How do you prefer to pay for Data Center power?
When choosing a colocation facility, one thing to consider is the format the provider uses to charge for power. It is important that the provider you choose to colocate with uses a power pricing format that is compatible with your expected deployment to avoid paying for power that you do not need or even worse could not be effectively cooled.
In general terms, most data centers will use either a FLAT RATE per circuit or a METERED power pricing model. How do you know which is best for you?

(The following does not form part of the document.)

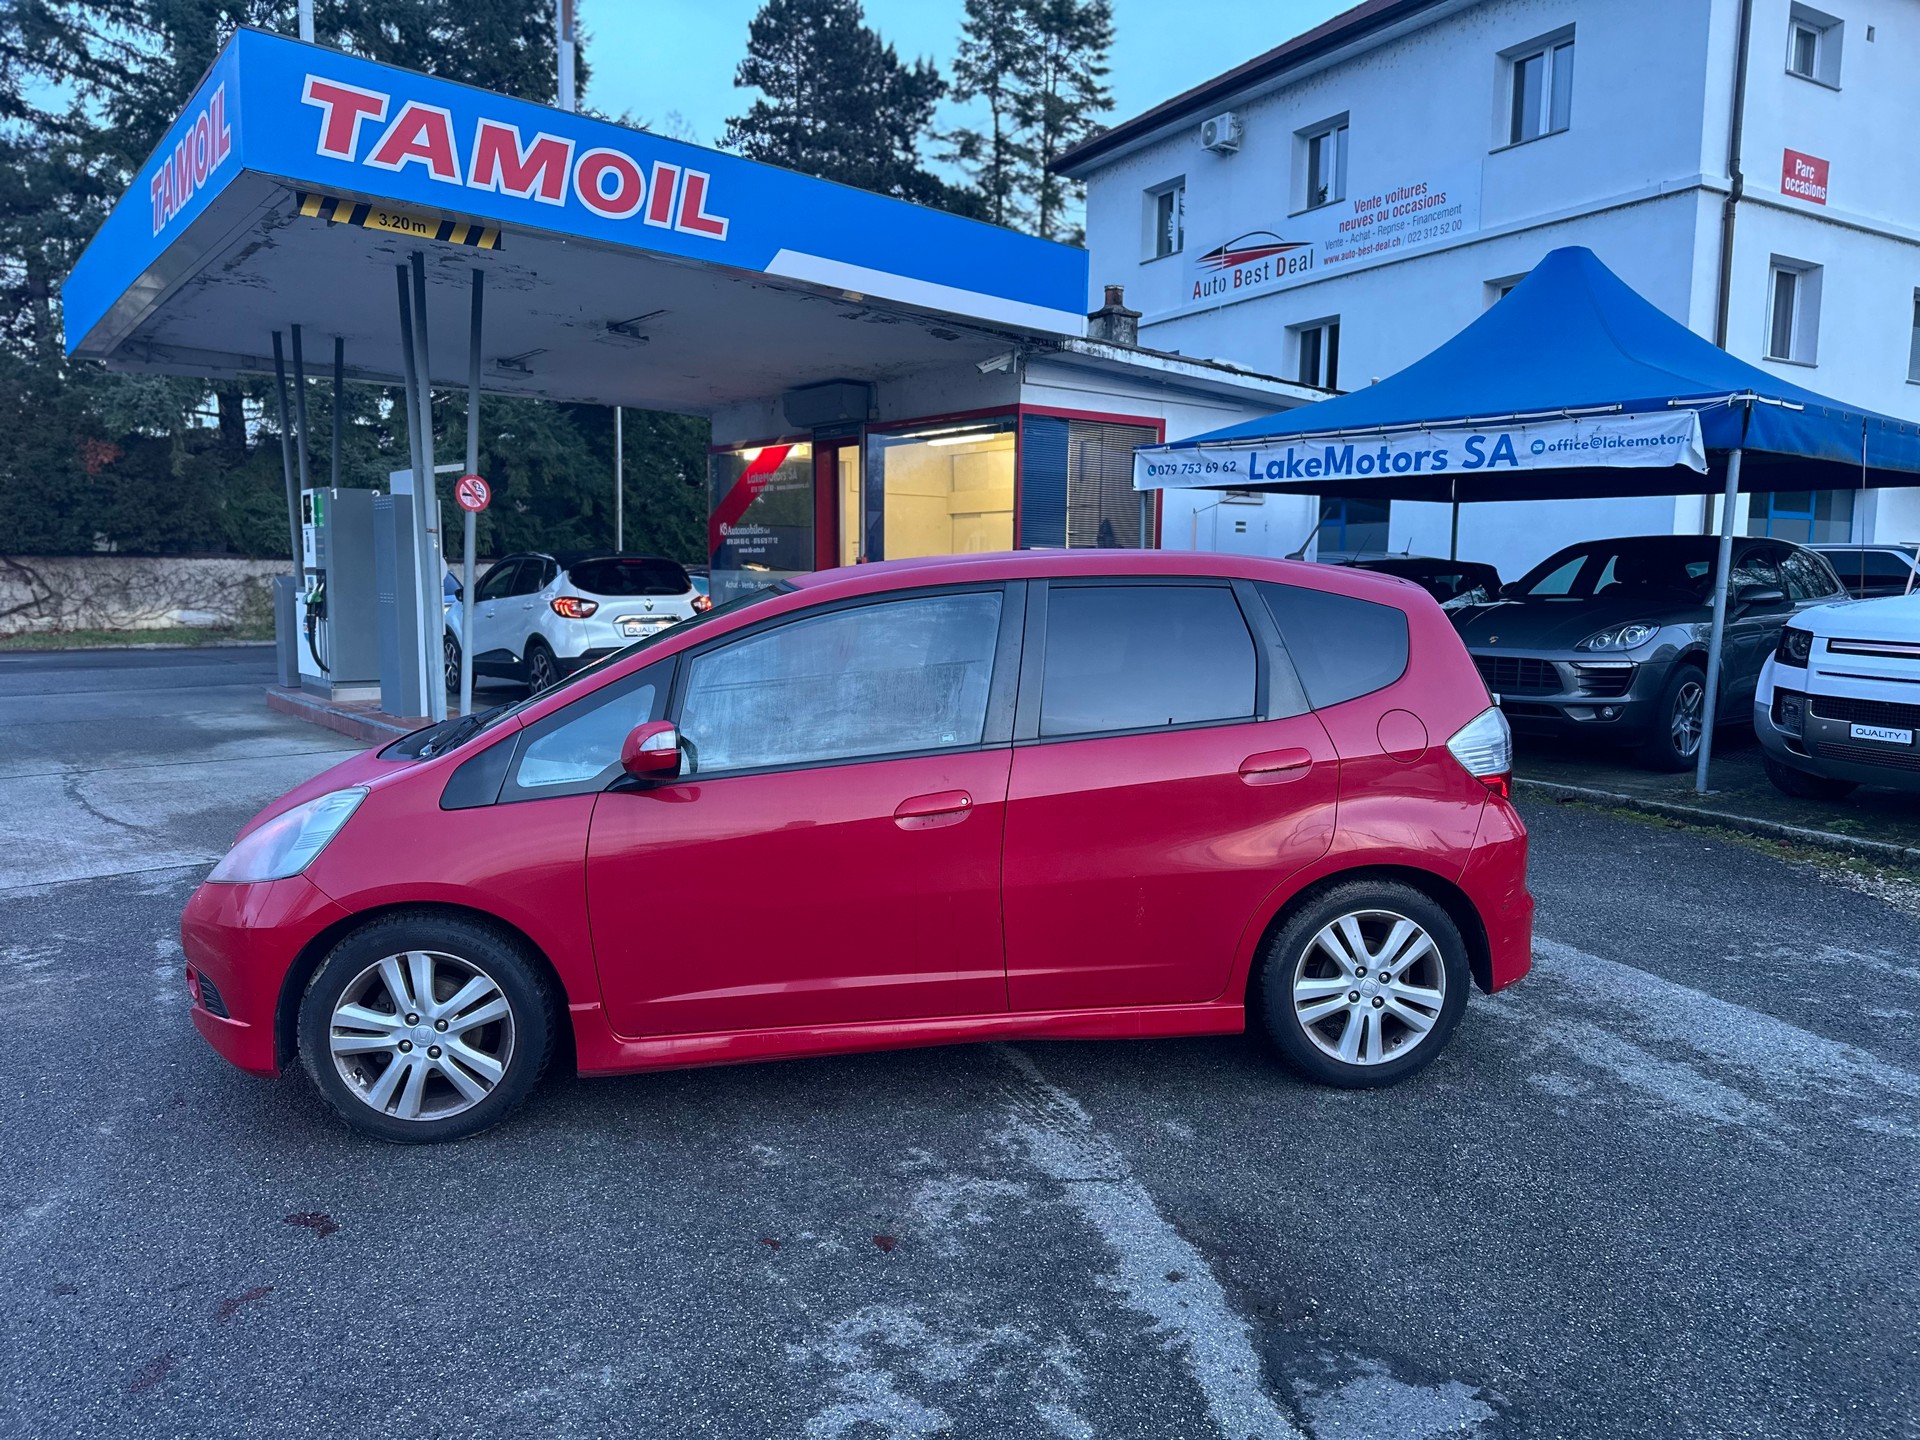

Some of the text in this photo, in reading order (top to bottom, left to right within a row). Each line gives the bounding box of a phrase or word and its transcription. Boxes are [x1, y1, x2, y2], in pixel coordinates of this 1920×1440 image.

If you ask IT infrastructure professionals which model they prefer, most will say they prefer a metered model as it implies that you pay only for the power you use. Be sure to read the fine print and make sure you are 100% familiar with all the potential factors that impact your monthly power cost. A couple things you might want to verify are:
Monthly Minimum – typically in a metered power model their will be a monthly minimum of usage applied to your power bill. A common minimum is 40-50% of the breakered power total. This protects the data center from delivering large amounts of breakered power per cabinet and having the client using only a small percentage. This is even more important when you have more than one primary circuit per cabinet. For example, let’s say you have leased a cabinet equipped with 2 x 30A/208V single phase, primary power circuits in an A + B configuration delivering 6.24KW per circuit for a total of 12.48KW cabinet. The standard allowable actual draw to avoid potentially tripping circuit breakers is 80% of the breakered total or 9.98KW. In that cabinet, you deploy a blade server chassis with dual power supplies that draws a total 4KW with the intent of drawing 2KW from each of the two primary power circuits allowing you the ability to draw the entire 4KW from either circuit should you lose a power supply or a PDU. In this case, 2KW actual draw is roughly 32% of the breakered total of 6.24KW per circuit. If the provider has a 50% minimum, that is 18% per circuit or 2.25KW of unused power you will be charged for. At an example rate of $185 per KW that is $415 per cabinet for power you will not use.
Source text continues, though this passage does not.